==== Data records

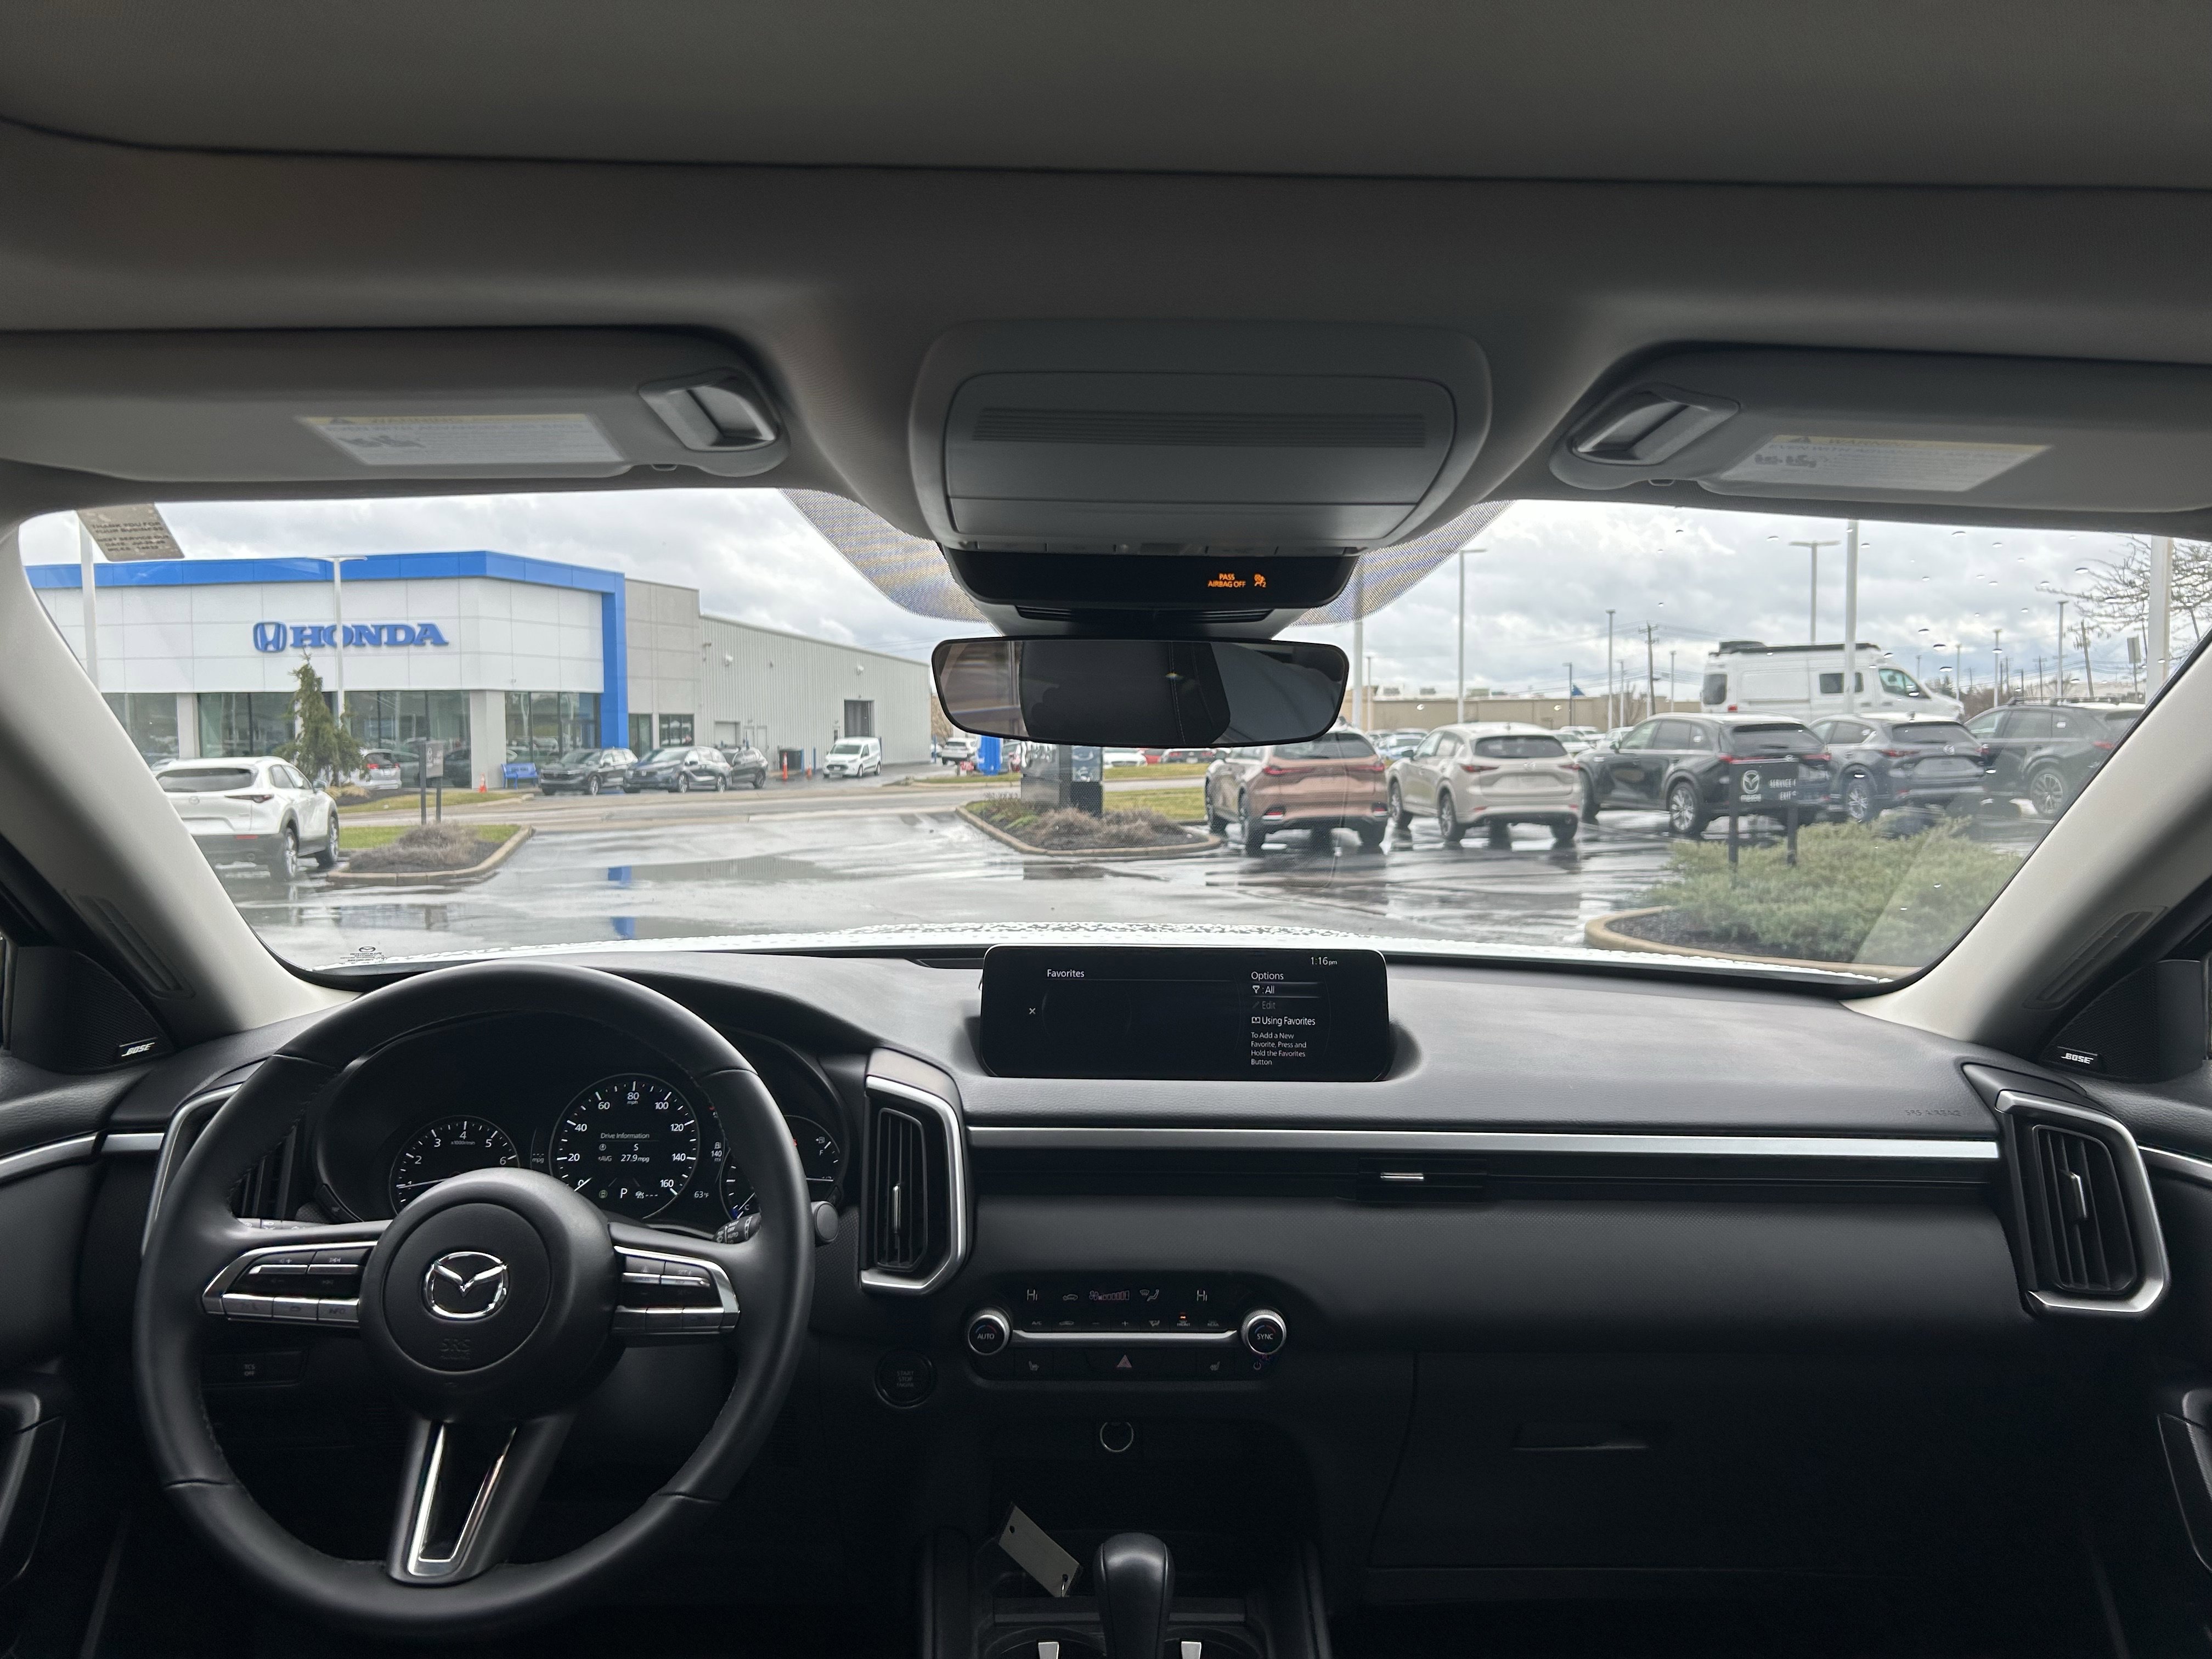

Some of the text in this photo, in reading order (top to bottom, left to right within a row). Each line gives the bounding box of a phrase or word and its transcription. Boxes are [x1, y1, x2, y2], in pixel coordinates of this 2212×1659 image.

[290, 622, 449, 646] HONDA
[1769, 779, 1792, 788] SERVICE
[1047, 969, 1085, 977] Favorites
[1251, 971, 1284, 981] Options
[1262, 1001, 1276, 1009] Edit
[1262, 1017, 1316, 1026] Using Favorites
[121, 1042, 155, 1057] BOSE
[2061, 1053, 2094, 1064] BOSE
[627, 1092, 640, 1101] 80
[597, 1102, 610, 1110] 60
[654, 1102, 669, 1110] 100
[575, 1124, 588, 1132] 40
[459, 1131, 467, 1139] 4
[434, 1138, 441, 1147] 3
[485, 1138, 492, 1147] 5
[415, 1155, 422, 1164] 2
[499, 1156, 507, 1165] 6
[567, 1153, 580, 1161] 20
[672, 1153, 686, 1161] 140
[660, 1180, 674, 1188] 160
[620, 1188, 628, 1199] P

========

__Prompt__
A faithful copy of all the data above, without its pictures, is the expected result.

__The completed task__
Some of the text in this photo, in reading order (top to bottom, left to right within a row). Each line gives the bounding box of a phrase or word and its transcription. Boxes are [x1, y1, x2, y2], in pixel coordinates of this 2212×1659 image.

[290, 622, 449, 646] HONDA
[1769, 779, 1792, 788] SERVICE
[1047, 969, 1085, 977] Favorites
[1251, 971, 1284, 981] Options
[1262, 1001, 1276, 1009] Edit
[1262, 1017, 1316, 1026] Using Favorites
[121, 1042, 155, 1057] BOSE
[2061, 1053, 2094, 1064] BOSE
[627, 1092, 640, 1101] 80
[597, 1102, 610, 1110] 60
[654, 1102, 669, 1110] 100
[575, 1124, 588, 1132] 40
[459, 1131, 467, 1139] 4
[434, 1138, 441, 1147] 3
[485, 1138, 492, 1147] 5
[415, 1155, 422, 1164] 2
[499, 1156, 507, 1165] 6
[567, 1153, 580, 1161] 20
[672, 1153, 686, 1161] 140
[660, 1180, 674, 1188] 160
[620, 1188, 628, 1199] P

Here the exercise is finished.